Read El secreto de los flamencos Online

Authors: Federico Andahazi

Tags: #Histórico

El secreto de los flamencos (13 page)

Entonces Fátima reemplazó su propia mano, aquella con la que no dejaba de acariciarse los muslos, por la de él. Greg permanecía con los ojos abiertos, semejantes a dos piedras turquesas sobre el lecho de un lago turbio. A Fátima se le antojó que así, como ese lago oscuro, era el espíritu de Greg, y como aquellas piedras claras la esencia que se ocultaba.
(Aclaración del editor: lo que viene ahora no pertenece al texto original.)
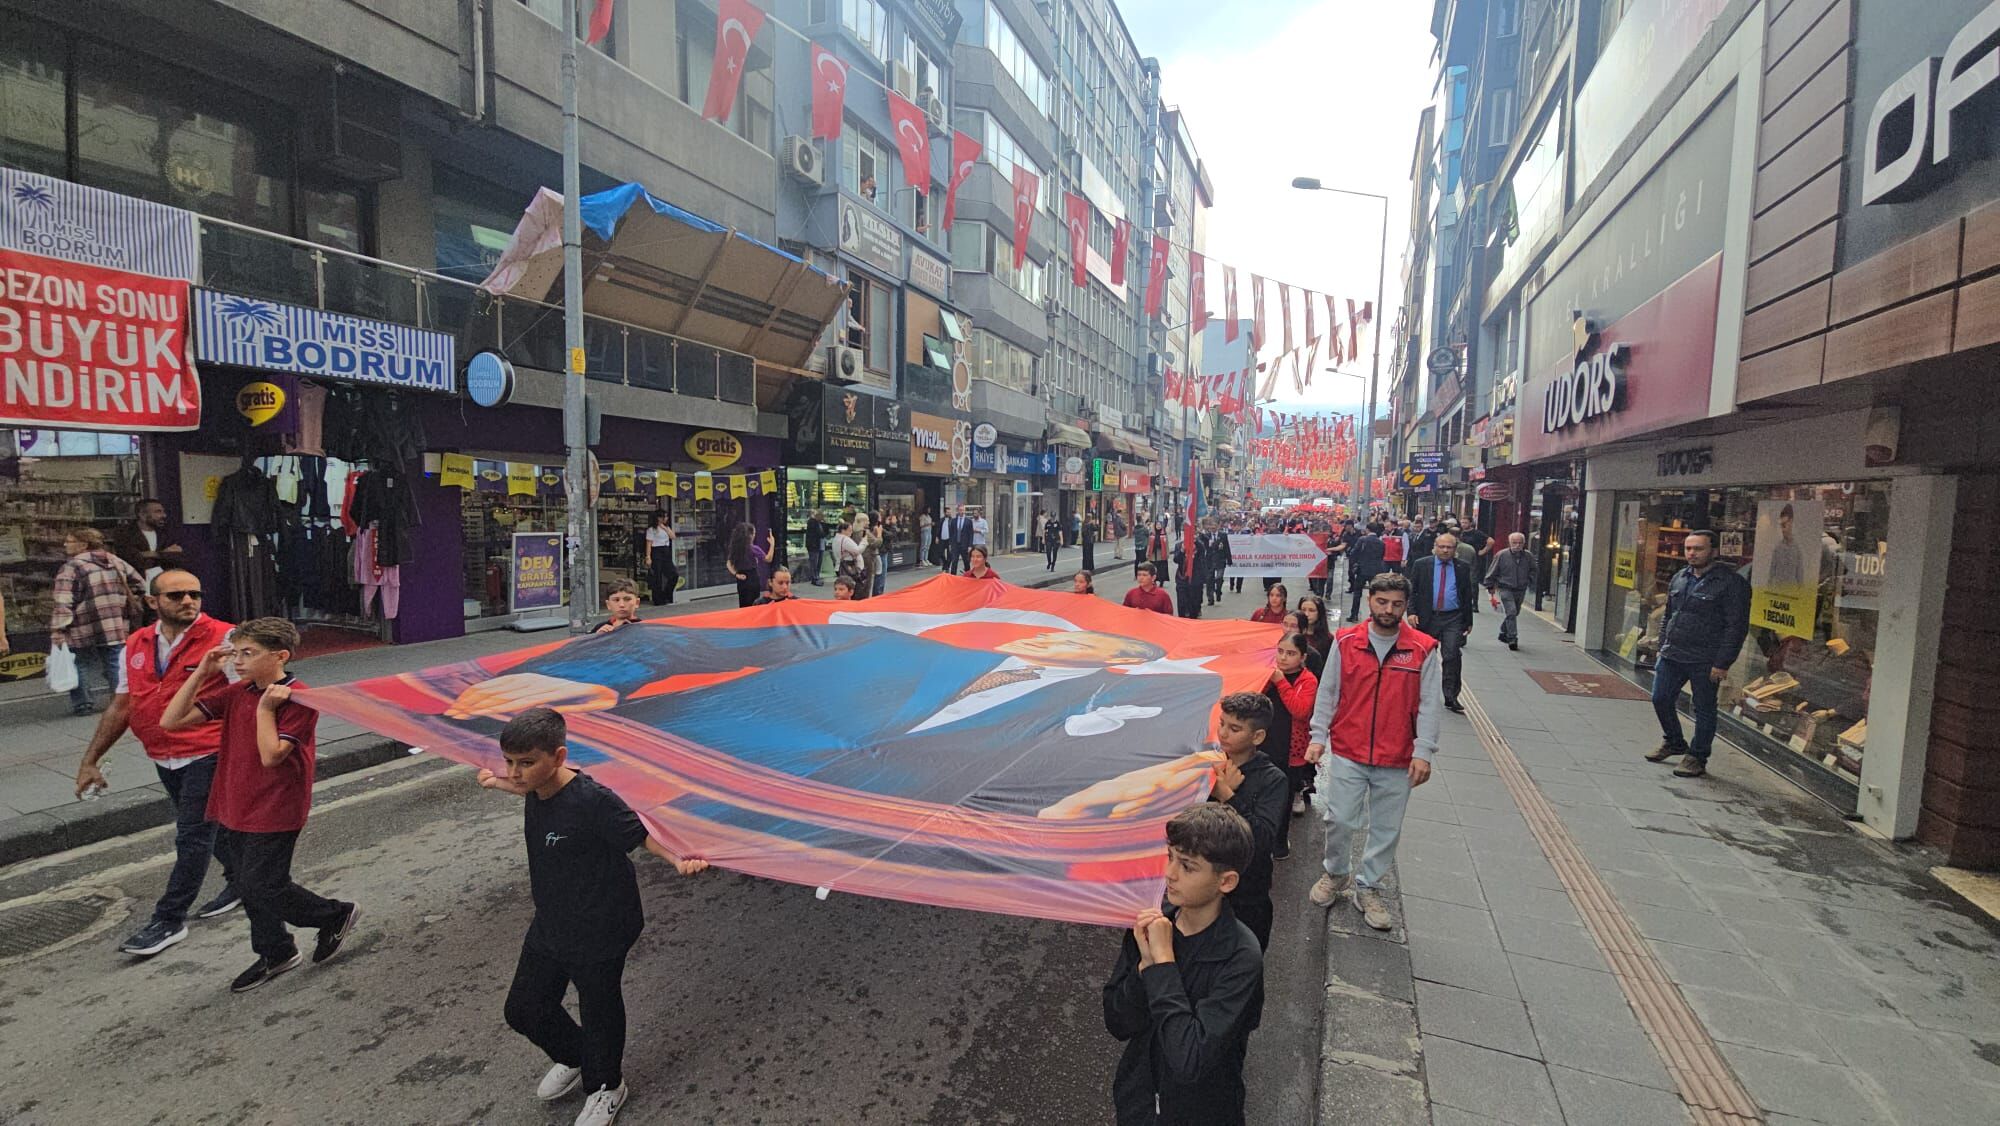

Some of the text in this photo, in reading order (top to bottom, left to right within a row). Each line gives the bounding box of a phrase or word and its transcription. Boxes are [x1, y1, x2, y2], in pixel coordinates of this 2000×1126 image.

[23, 229, 124, 262] BODRUM
[96, 284, 179, 322] SONU
[0, 305, 182, 370] BÜYÜK
[263, 334, 443, 386] BODRUM
[4, 357, 188, 415] NDİRİM
[239, 386, 276, 411] gratis
[1541, 341, 1620, 434] TUDORS
[696, 435, 737, 455] gratis
[912, 426, 950, 451] Milka
[975, 449, 995, 464] RKİYE
[521, 555, 554, 570] DEV
[1767, 610, 1796, 628] BEDAVA
Se dijo que bastaba con hundir el brazo en aquellas aguas lóbregas para alcanzar el azul verdadero de su corazón. Entonces tomó firmemente las manos de Greg y con ellas se frotó los muslos, duros como la piedra pero suaves y tibios como el terciopelo de su vestido. Por momentos Fátima se alejaba un poco y, sin soltar las muñecas del pintor, guiaba sus manos hacia algún lugar de su cuerpo, como instándolo a que adivinara de qué parte se trataba. Y así, transitando poco a poco por cada ápice de piel, arrastró el índice de Greg hasta su boca, lo humedeció con su saliva, bajó apenas el escote del vestido y lo condujo hasta el pezón, diminuto y crispado, del tamaño y la consistencia de una perla.

Fátima trazaba sutilísimas líneas sobre la superficie de su cuerpo con la yema del dedo de Greg, cuyo rastro húmedo parecía la leve huella de un caracol. Si el pintor pretendía tocar más allá de los límites que le imponía Fátima, entonces ella presionaba con fuerza alrededor de las muñecas de Greg y conducía su índice adonde quería. Las manos de Greg se dejaban domesticar y se abandonaban a los arbitrios de su nueva dueña. De pronto, el creador de aquel pequeño universo arreglado a su imagen y semejanza, el ciego omnisciente alrededor del cual todo se movía con la precisión de un cosmos, el todopoderoso a cuyo control nada escapaba, había quedado a merced de una niña. Meciéndose candorosamente en la tela de la araña, Greg se hundía en el postergado sueño de la voluptuosidad.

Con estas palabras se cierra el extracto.